A maintenance error is not something to fear but to harness. Thus, if we detect an error in the workpack before it is sent to be implemented, we correct it because it has not yet formed a safety issue. If we detect it on the shop floor via an event, it can cause alarm because it may be classed as a maintenance error. But if the error is harnessed via a maintenance error investigation (MEI) it means that we learn from it.

In my organisation we have sought to stress the positive aspects of an MEI and we work with the process to use an event as a learning experience. Great progress has been made in the industry with the adoption of a new approach to HF as regards training and continuation training. Several examples show the way in which a design may not prevent an incident from happening and reliance is placed on a Maintenance Manual to prevent it. HF work was then built into a safety management approach (CAP 712, etc.).

The way forward is closer links between all the organisations mentioned earlier via a closed loop Safety Management System so that a proactive joint approach will prevent incidents before they happen.

Design dictates the maintenance burden

Stephen James of the UK CAA explored the opportunities to minimise the potential for maintenance error by designers employing “human centred design” (HCD) principles. This paper explores the opportunities to minimise the potential for human error at source. It is the design choices of weight, cost, etc., that dictate much of its maintenance burden and an additional goal of minimising maintenance error is suggested, referred to as “HCD”.

The regulator achieves an acceptable level of safety by both proactive and reactive methods. The object of this paper is how the potential for human error can be addressed at source, i.e. by proactive means. This is against a background that of the total of accidents/serious incidents caused by human error causal factors, 25 per cent are maintenance related. Various EASA standards are reviewed here.

The definition of HCD is “Human Centred Design – design that accommodates realistic human performance characteristics in achieving total system safety”. Aircraft maintenance is an important part of achieving total system safety and therefore maintenance error is a prime focus for our initiatives.
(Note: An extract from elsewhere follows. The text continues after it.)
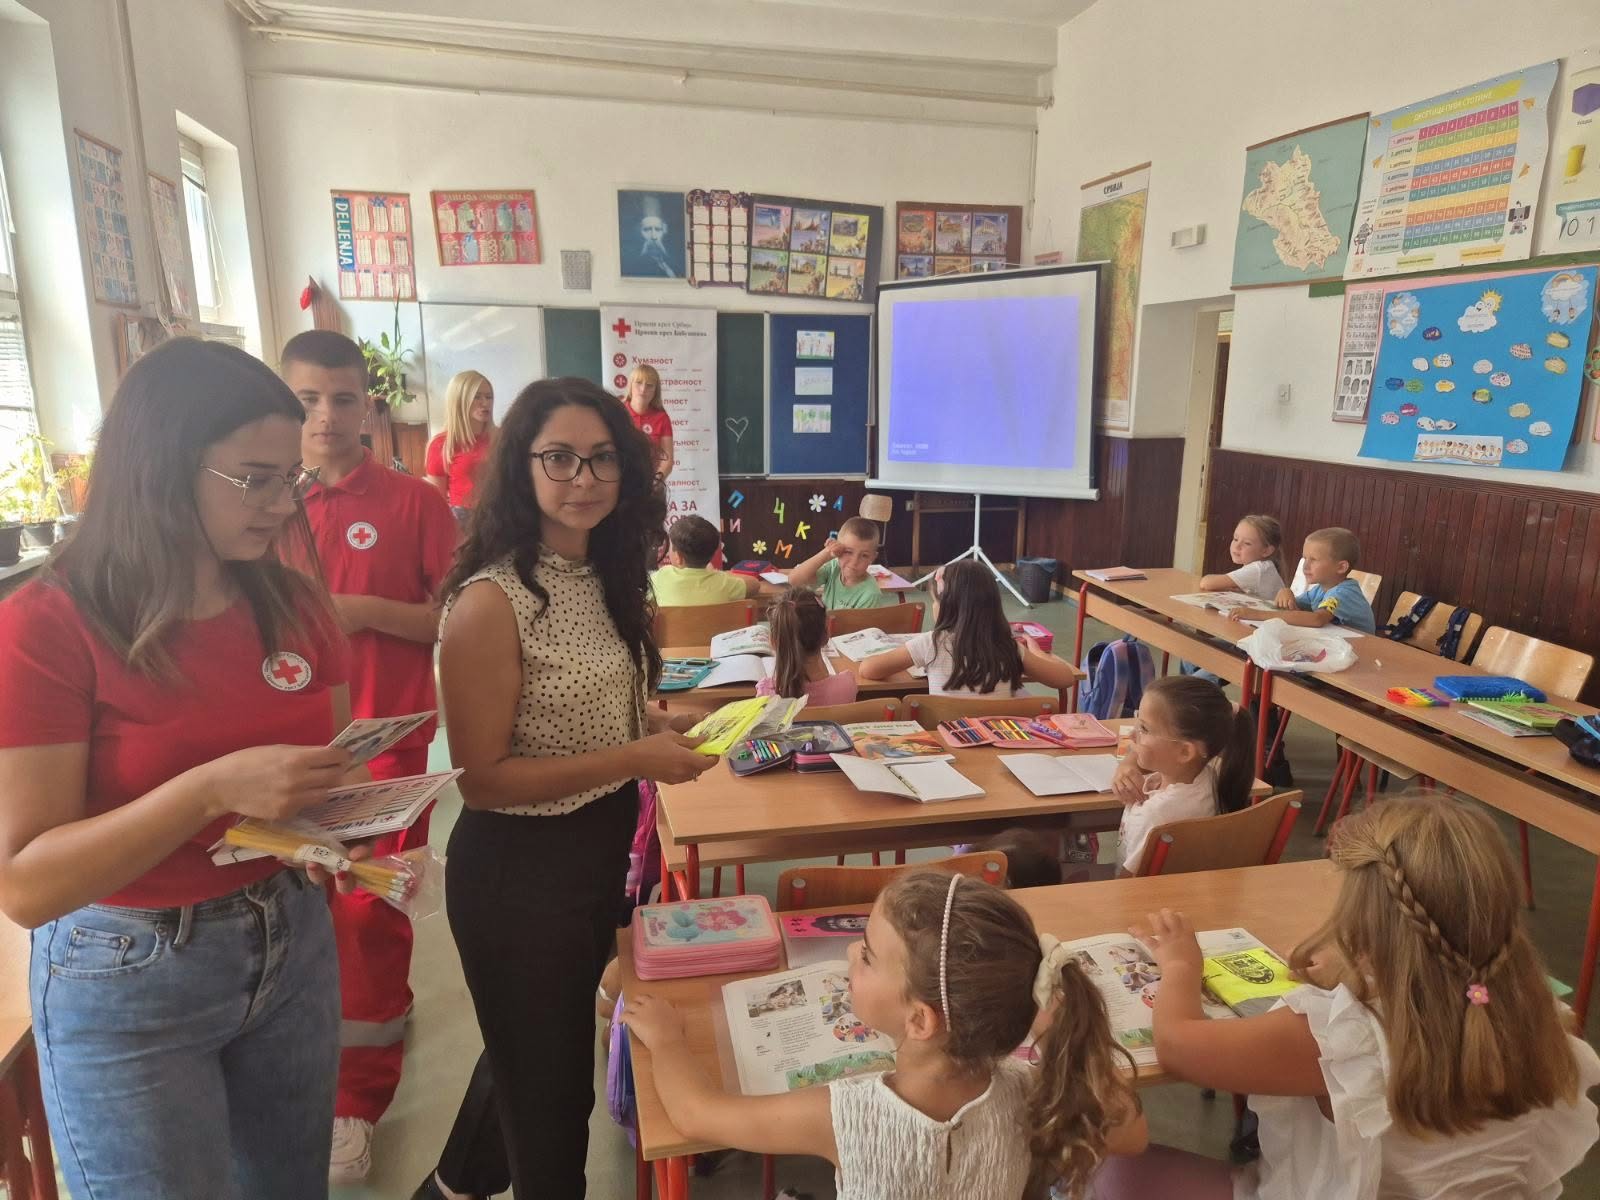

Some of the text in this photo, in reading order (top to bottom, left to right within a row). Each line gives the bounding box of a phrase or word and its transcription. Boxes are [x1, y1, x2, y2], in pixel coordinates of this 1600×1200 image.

Considering CS 25 (Large Aeroplanes), a few HF related requirements exist but they follow no overall strategy or intent. There is no top level HCD requirement that considers all elements of the aeroplane design and demands risk from human error to be systematically addressed. The CAA has developed new requirements and associated advisory material. It was appreciated that the new requirement should be well defined and that predictive tools cannot be 100 per cent effective. The advisory material goes on to state that “the intent of this requirement is to address the risk of hazardous of catastrophic failure due to the effects of human error. No foreseeable human error acting singly or in combination should have the potential to result in as hazardous or catastrophic event. After further guidance material it goes on to detail one way (but not the only way) for conducting a qualitative analysis of risk by employing an inductive (bottom up) analysis method and exercising sound and informed engineering judgement.”

To further assist the applicant in identifying any potential for error the advisory material highlights known problems with expectation any analysis would include, but not be limited to their conclusion. The examples of maintenance error include that relating to fasteners. The choice of fasteners must consider the effects of human error including from omission, incorrect assembly, mixing of fasteners similar in fit but not function, for example accessibility, incorrect application of torque, or thread specifications that allow a female thread to one specification to engage with a male thread from another specification should be avoided. Wherever possible, removable blind fasteners should be avoided and lengths of common fasteners should either be standardised or clearly and visibly different. Non- structural fasteners should be clearly different to structural fasteners.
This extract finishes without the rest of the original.